Where he could storing some kind of weapon, or some kind of chemical…

He came back out with something long and red in his hand. No, orange.

“I noticed you don’t have an umbrella or a rain coat. This is my wife’s umbrella. Use it. “

I took it.

Say thank you Aisha. 

“Thank you.”

“Don’t mention it, daughter. I woke up late today, opened up shop late too and I forgot to turn on the radio to listen to the weather report. These days come and go. Strange, uneven days. Don’t they.”

I nod, smiling. That’s when I get a look at what he has in the glass case of his shop. He’s a baker. His fingers are covered in a sticky film of dough, that’s what he smells like too. I wish he had a shirt on though. A wife beater, at least.
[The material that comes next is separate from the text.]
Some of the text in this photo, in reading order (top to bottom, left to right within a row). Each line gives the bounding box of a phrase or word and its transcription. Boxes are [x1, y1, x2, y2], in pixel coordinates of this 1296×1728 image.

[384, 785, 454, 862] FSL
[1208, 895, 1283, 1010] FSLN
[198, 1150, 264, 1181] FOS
“I better get back to the kitchen. The rain will stop soon and customers will come in around lunch time. People get hungry for bread during the colder seasons. You take care now. ”

“I will bring the umbrella back. “

“You can if you want. I don’t think the wife will mind if you don’t though. “

I stayed a while, until the shower ceased. He wasn’t in the front to wish him a good day. I regret not smiling a little more, not doing a little something more to show my gratitude, because I never returned the umbrella. I hope his wife isn’t upset. She must have liked the hibiscus pattern on the rim. I do too.